Les nouvelles aventures de Sabrina S01/P02 – Bilan de fin de saison

Après une première partie en 2018 et un épisode de Noël, il était pour Sabrina Spellman et sa bande de conclure leur première aventure sur la plate-forme Netflix. C’est chose faite avec cette partie 2 contenant 8 épisodes pour toujours plus de magie, d’amour, de démons et de chat.

Si la première partie était inégale mais néanmoins plaisante, elle oscillait entre deux mondes (comme notre héroïne) : celui des humains et celui de la sorcellerie. On passait de démons et créatures à triangles amoureux et harcèlement scolaire sans aucun filtre ni transition. Jusqu’à ce que ‘Brina fasse un choix. Devant comme derrière la caméra. Si on trouve toujours les mêmes ingrédients (rivalités professionnelles et amoureuses, démons, magie noire et problèmes d’adolescents), leur traitement est beaucoup plus dense, plus riche, plus profond. Sabrina a pleinement embrassé sa part d’ombre et rejoint l’académie de Blackwood et est une sorcière. On suit donc deux intrigues : elle et ses problèmes de démons et ses amis qui sont bien humains, bien en chair. Si la vie de Sabrina Spellman dans la magie est compliquée (elle affronte pêle-mêle démons, sorciers, Missionnaires de Dieu et même un Anti-Pape), le dénouement est attendu. C’est dans le monde des humains que le travail le plus intéressant a été fait : on évoque rupture, dépression, harcèlement scolaire mais aussi découverte de son corps, transition et changement de sexe. Contrairement à sa cousine lubrique de Riverdale, Les Nouvelles Aventures de Sabrina n’aligne pas abdo, seins et chaleur des corps pour l’audimat mais pour proposer une vraie travail, une vraie plongée dans l’adolescence dans toute sa puissance.

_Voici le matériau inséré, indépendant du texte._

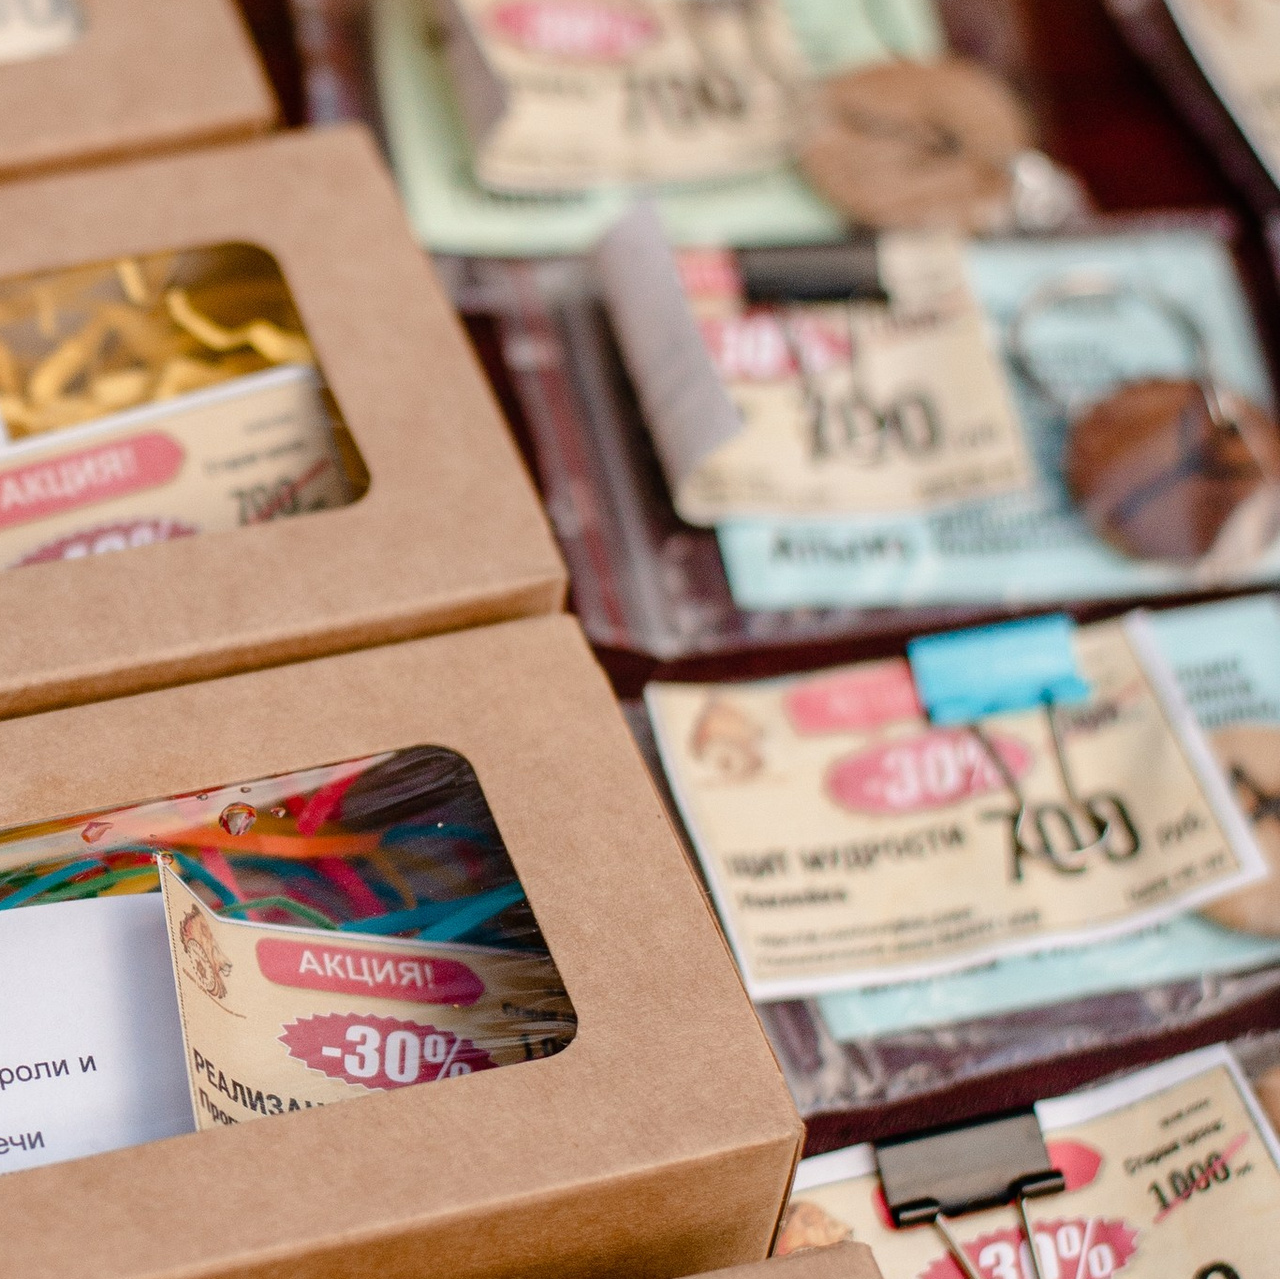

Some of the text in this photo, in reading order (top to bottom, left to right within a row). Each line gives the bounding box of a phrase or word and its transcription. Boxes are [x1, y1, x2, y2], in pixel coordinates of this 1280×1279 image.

Si l’écriture a été affinée depuis le lancement de la série, la réalisation a pas mal évolué aussi. Déjà, on notera que Netflix a fait des folies de budget et a investi dans des bougies et ampoules pour éclairer les scènes. On est dans une vraie ambiance horrifique et non plus dans une bouillie visuelle sombre, mal cadrée et mal éclairée. On a même dans certains épisodes des scènes de jour (lucky us). Les effets visuels ont été renforcés pour coller à l’ambiance. C’est assez drôle de se dire que les deux parties ont été développées en même temps, mais qu’il y a une telle différence de traitement. Comme toujours avec beaucoup de produits Netflix, il y a à boire et à manger dans ces huit épisodes mais globalement, c’est réussi et maîtrisé. On sent surtout que devant comme derrière la caméra, les équipes s’éclatent à concevoir la série et cela se ressent à l’écran.

Sabrina Spellman a grandi au-cours de cette première saison en passant de fille à femme et la série a su grandir avec elle pour notre plus grand plaisir. Maintenant qu’elle est adulte, reste à voir quelle magie elle produira dans sa saison 2, à nouveau découper en deux parties.

4.4
Note de la série
Conclusion
Même si Salem ne parle pas, Sabrina Spellman parle à beaucoup de monde et arrive à mixer horreur, magie et humour dans les affres de l'adolescence.